**TASK DETAILS:** Print the entries that appear below, exactly as written and without their pictures.

*** Opening EXTRACTED RECORDS ***

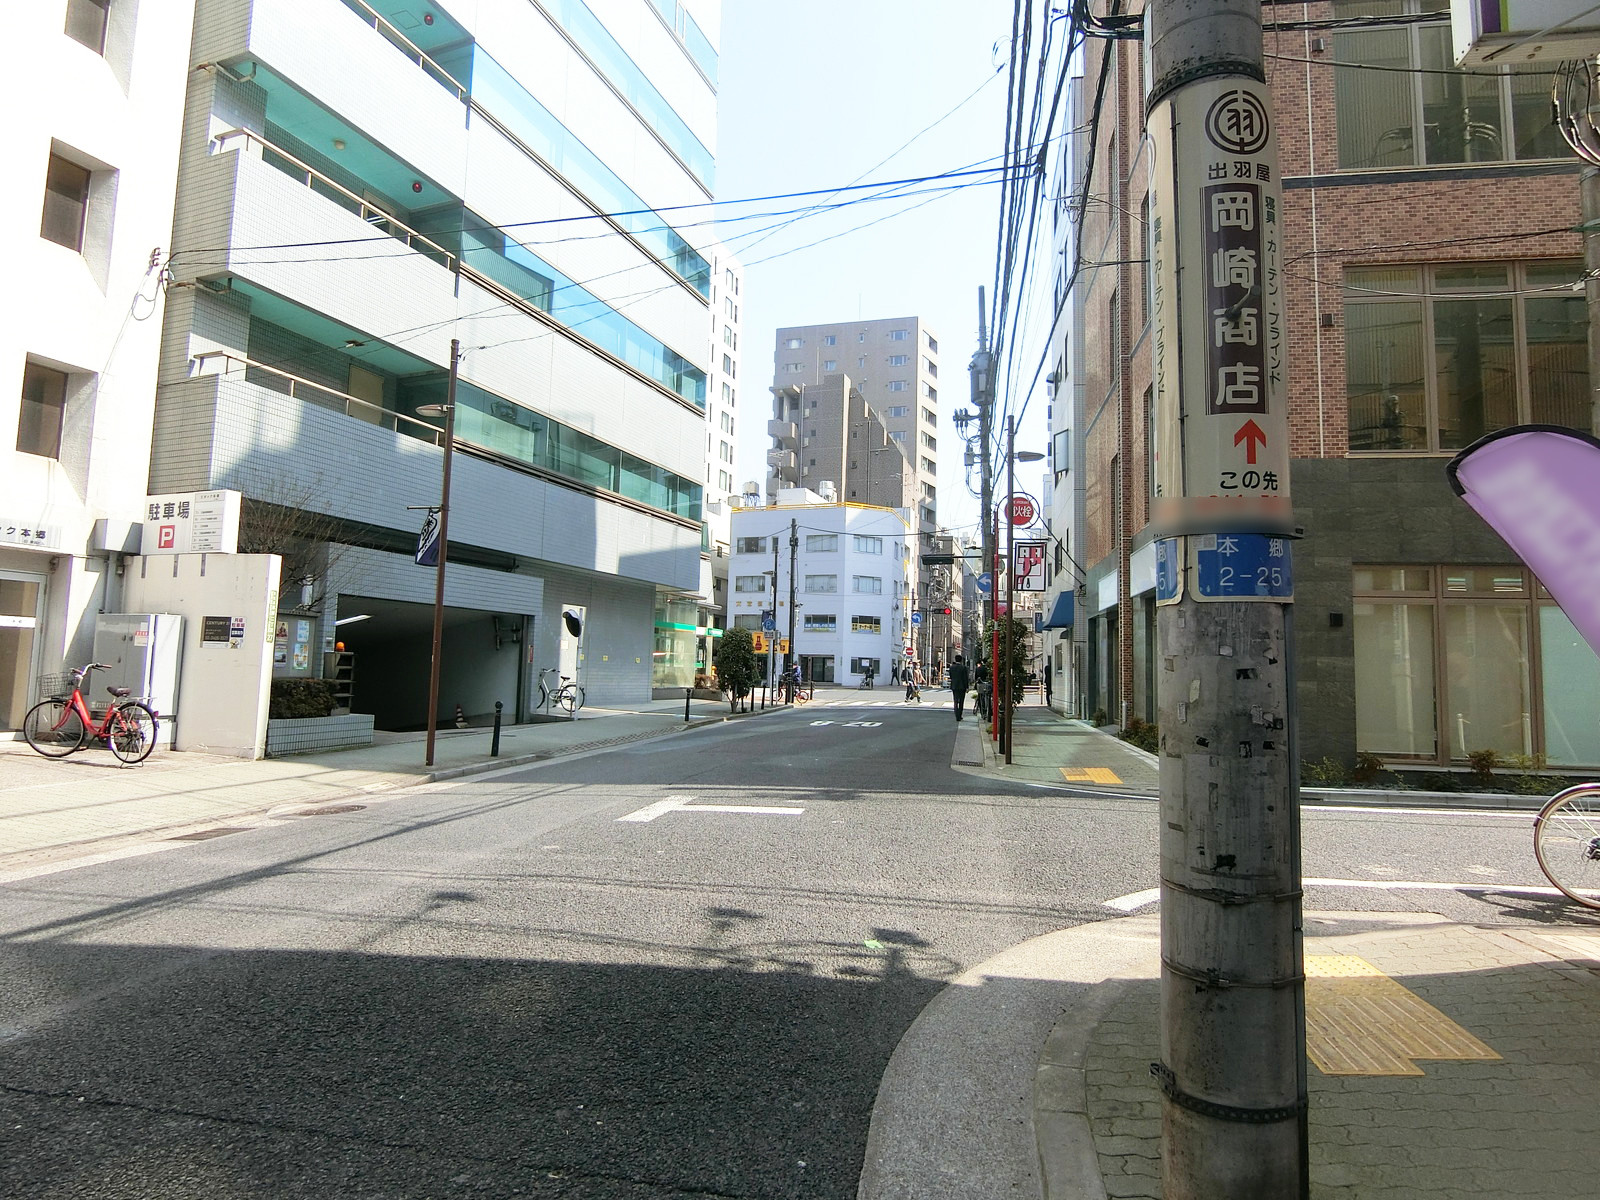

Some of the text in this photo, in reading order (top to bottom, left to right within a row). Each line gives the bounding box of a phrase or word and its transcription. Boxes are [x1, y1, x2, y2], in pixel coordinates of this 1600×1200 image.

[1207, 160, 1271, 183] 出羽屋
[1211, 191, 1260, 406] 岡崎商店
[1219, 470, 1279, 491] この先
[148, 501, 190, 521] 駐車場
[1013, 505, 1032, 518] 火栓
[0, 526, 46, 540] ク本郷
[160, 527, 174, 547] P
[1216, 536, 1284, 559] 本郷
[1219, 566, 1282, 587] 2-25
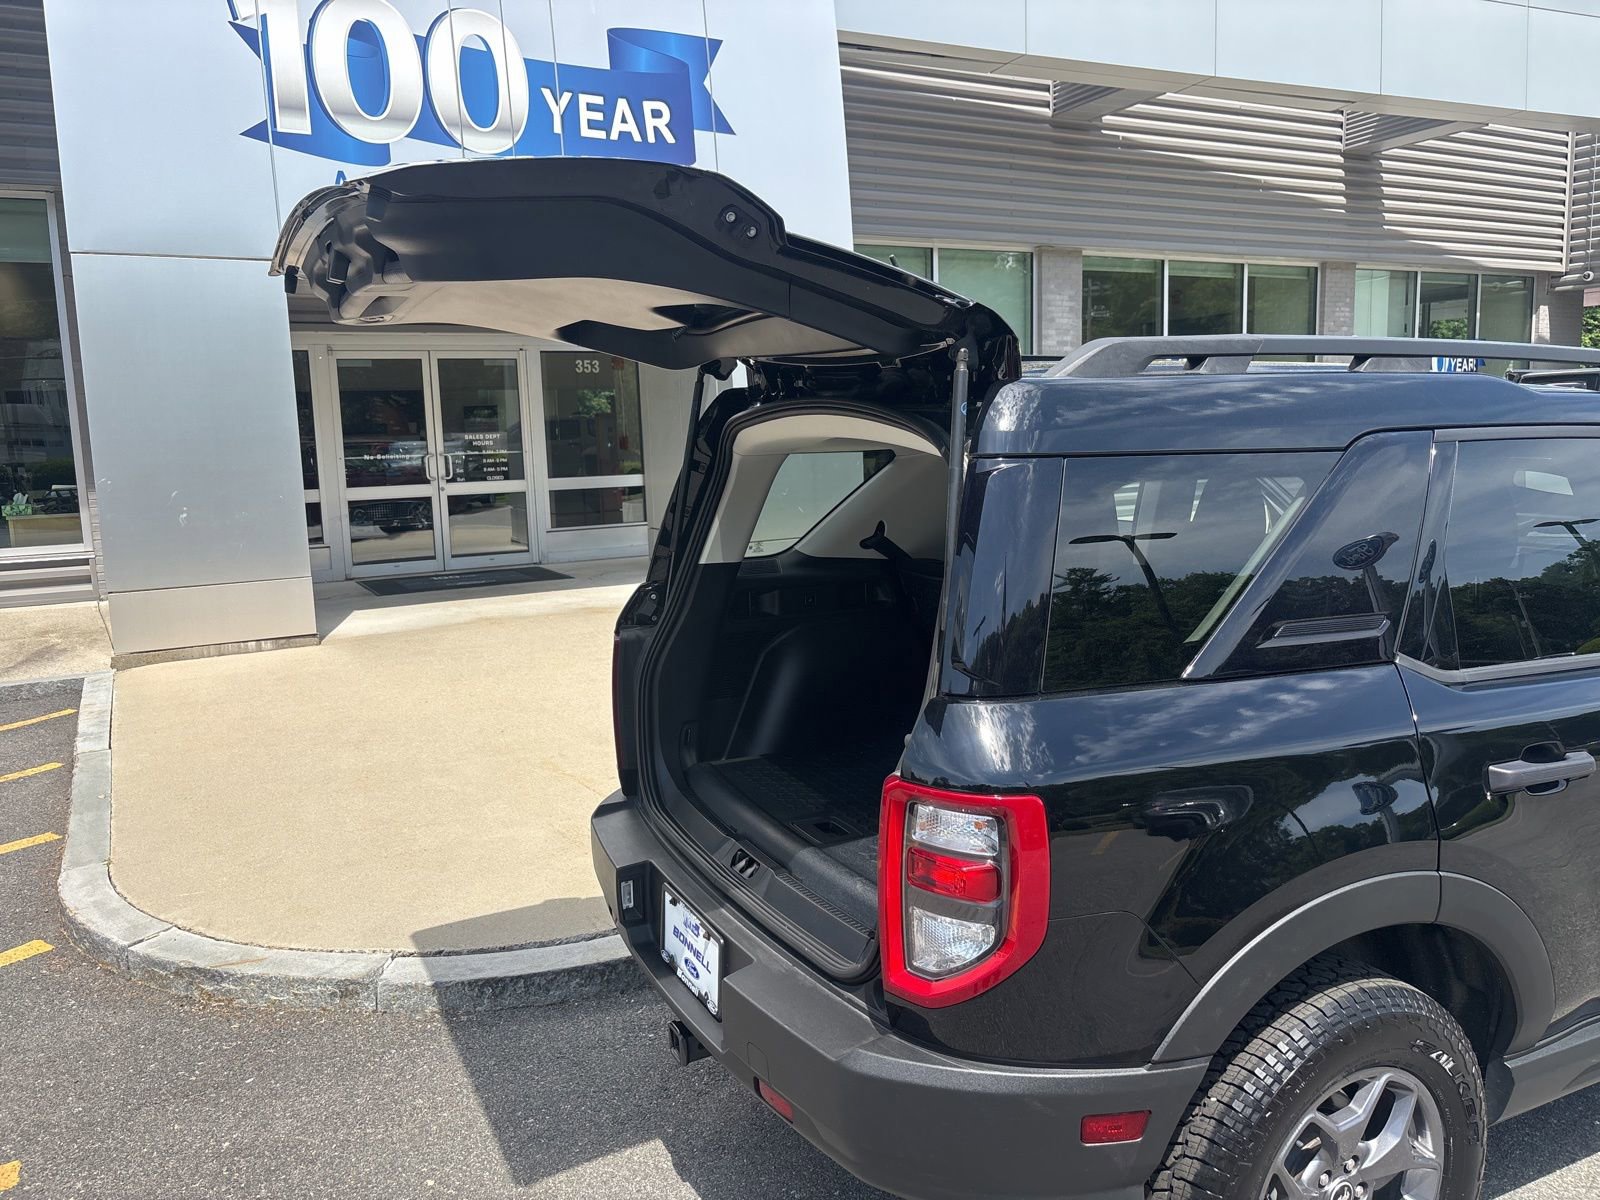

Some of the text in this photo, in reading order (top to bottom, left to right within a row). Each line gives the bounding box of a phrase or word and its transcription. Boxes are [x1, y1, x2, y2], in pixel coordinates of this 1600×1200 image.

[232, 0, 676, 153] 100 YEAR
[575, 360, 600, 374] 353
[672, 924, 712, 975] BONNELL
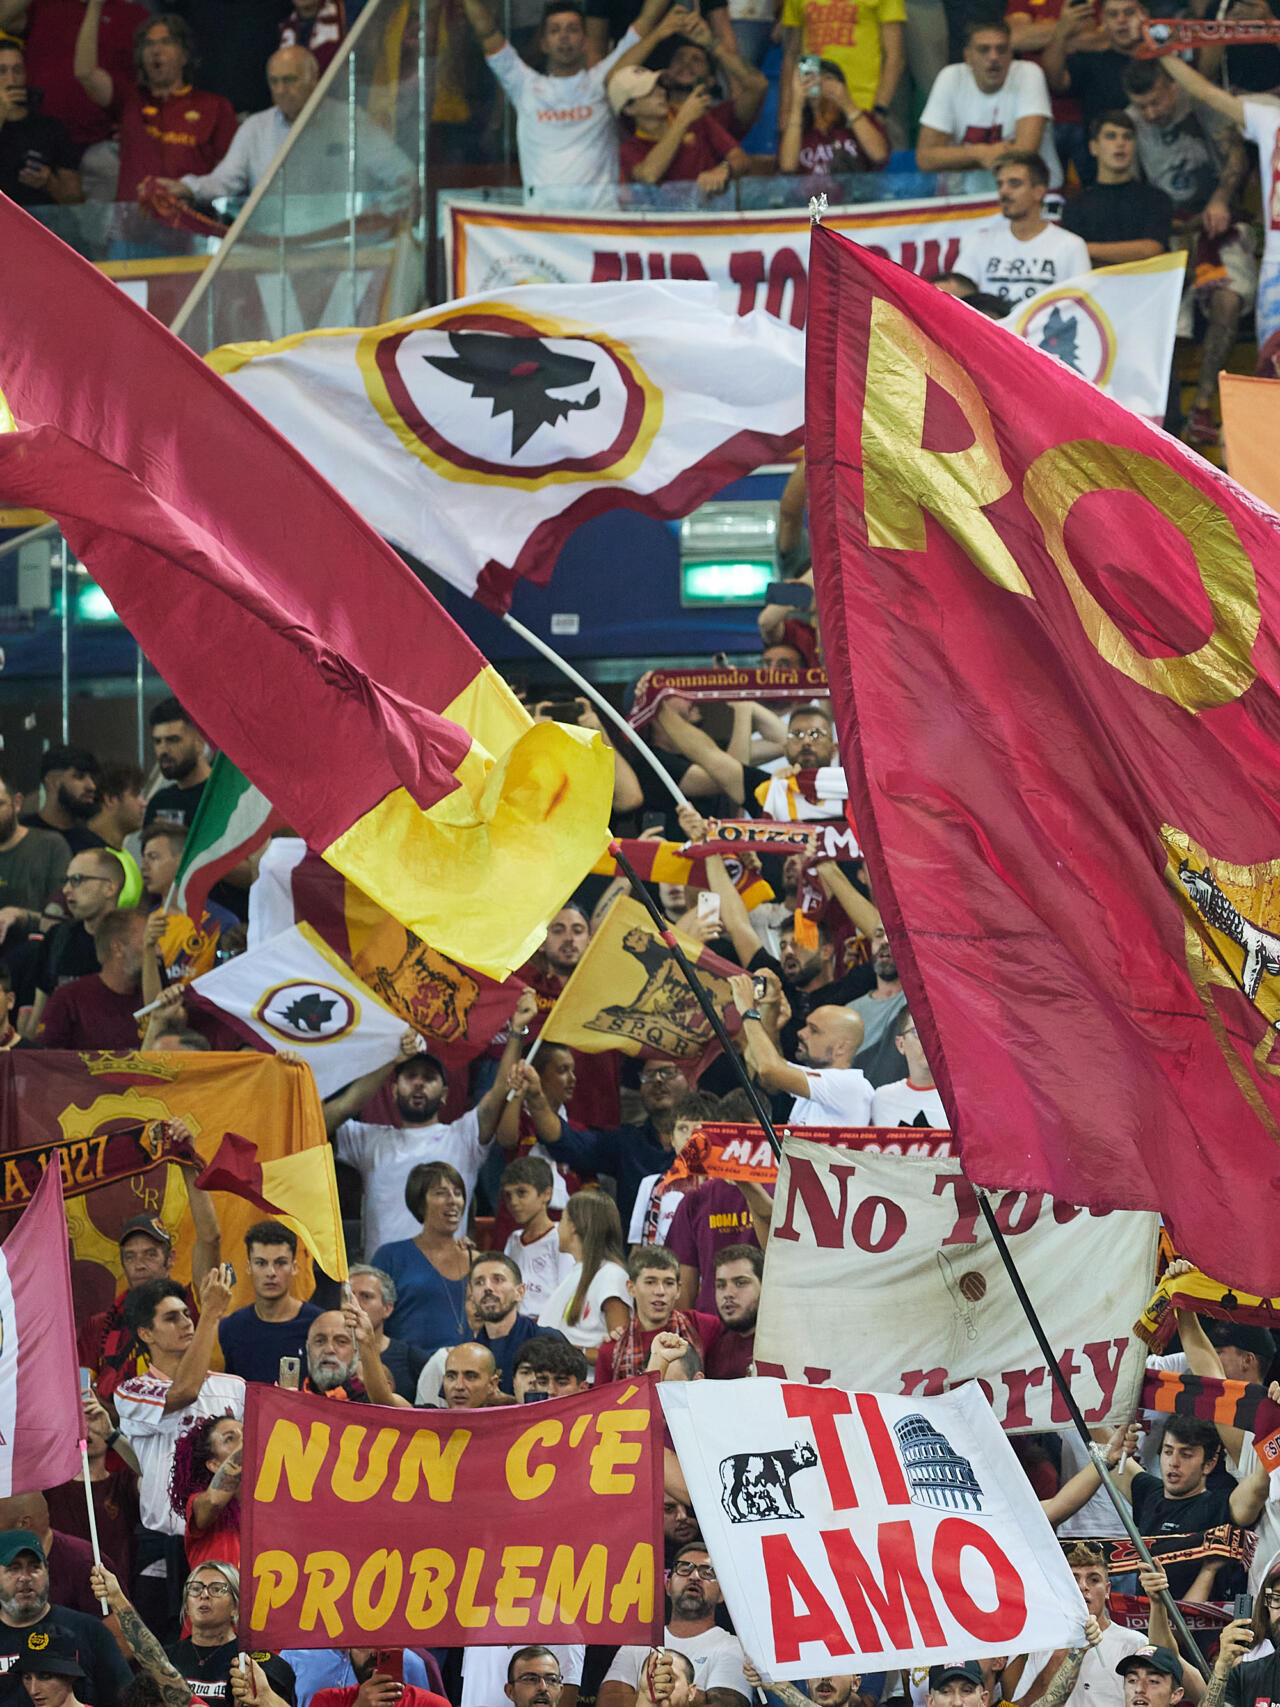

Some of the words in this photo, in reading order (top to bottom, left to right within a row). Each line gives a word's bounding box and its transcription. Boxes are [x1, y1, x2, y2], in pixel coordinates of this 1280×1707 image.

[652, 669, 749, 690] Commando
[714, 822, 811, 847] orza
[773, 1155, 908, 1254] No
[253, 1416, 472, 1504] NUN
[781, 1382, 912, 1512] TI
[249, 1541, 655, 1640] PROBLEMA
[761, 1516, 1029, 1665] AMO
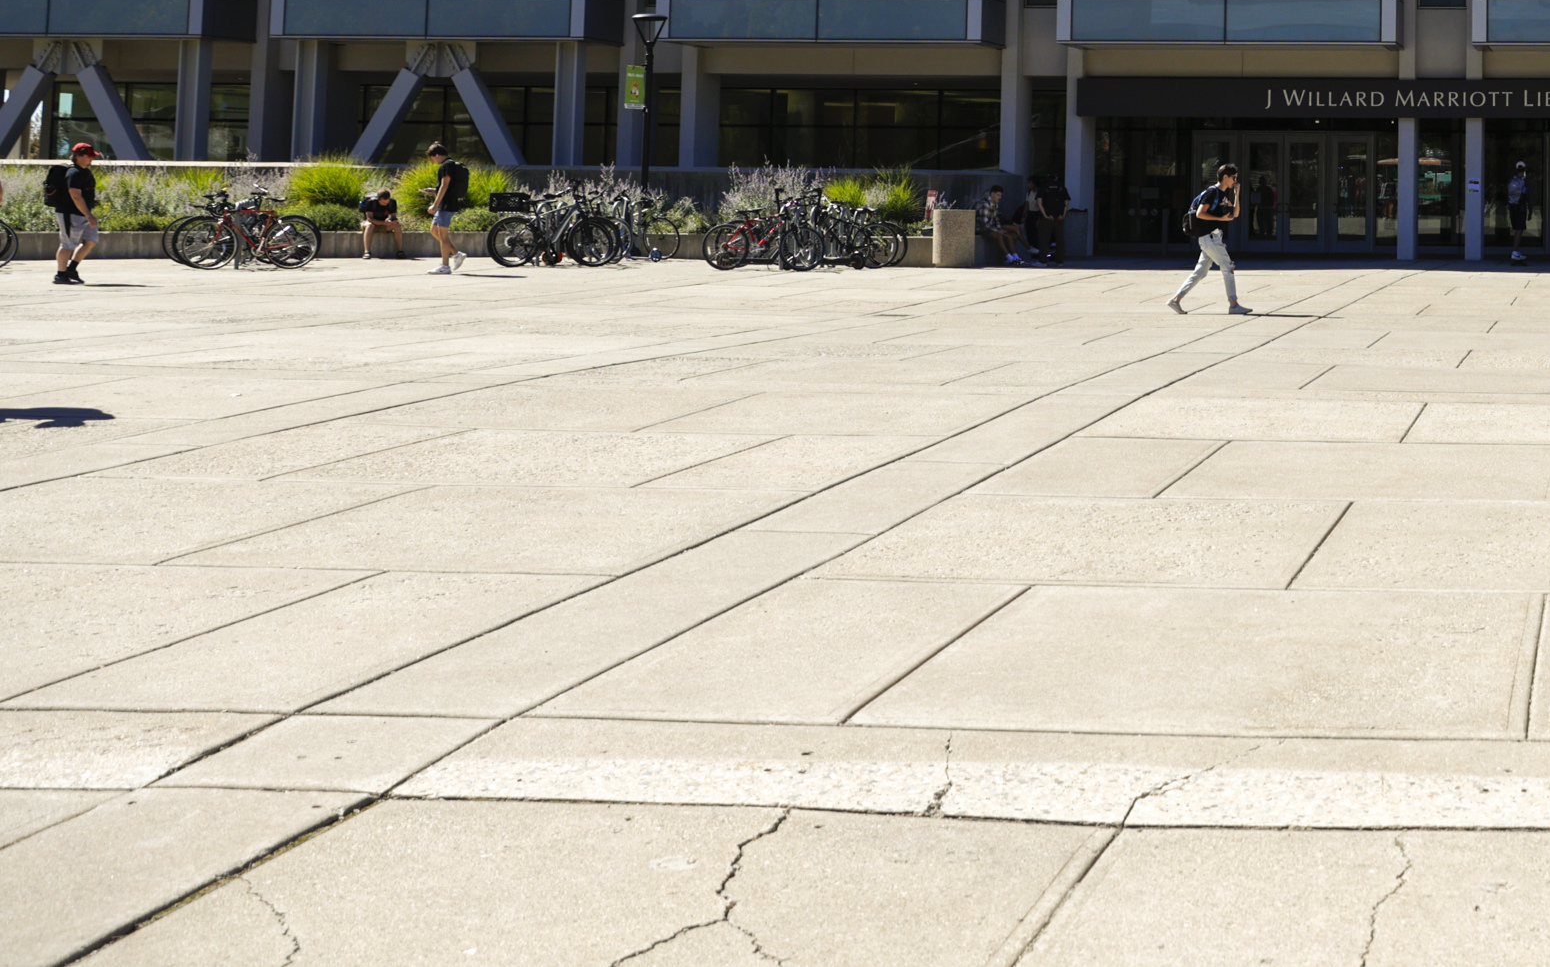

*** Closing EXTRACTED RECORDS ***

**RESPONSE AREA:**
Some of the text in this photo, in reading order (top to bottom, left to right within a row). Each line gives the bounding box of a phrase or word and its transcription. Boxes are [x1, y1, x2, y2], in pixel coordinates of this 1600×1200 image.

[1207, 160, 1271, 183] 出羽屋
[1211, 191, 1260, 406] 岡崎商店
[1219, 470, 1279, 491] この先
[148, 501, 190, 521] 駐車場
[1013, 505, 1032, 518] 火栓
[0, 526, 46, 540] ク本郷
[160, 527, 174, 547] P
[1216, 536, 1284, 559] 本郷
[1219, 566, 1282, 587] 2-25

Some of the text in this photo, in reading order (top to bottom, left to right within a row). Each line gives the bounding box of a phrase or word and its transcription. Boxes are [x1, y1, x2, y2], in pixel coordinates of this 1600×1200 image.

[232, 0, 676, 153] 100 YEAR
[575, 360, 600, 374] 353
[672, 924, 712, 975] BONNELL

Some of the words in this photo, in reading order (top to bottom, left to right within a row). Each line gives a word's bounding box and its transcription. Boxes are [x1, y1, x2, y2], in pixel coordinates of this 1280×1707 image.

[652, 669, 749, 690] Commando
[714, 822, 811, 847] orza
[773, 1155, 908, 1254] No
[253, 1416, 472, 1504] NUN
[781, 1382, 912, 1512] TI
[249, 1541, 655, 1640] PROBLEMA
[761, 1516, 1029, 1665] AMO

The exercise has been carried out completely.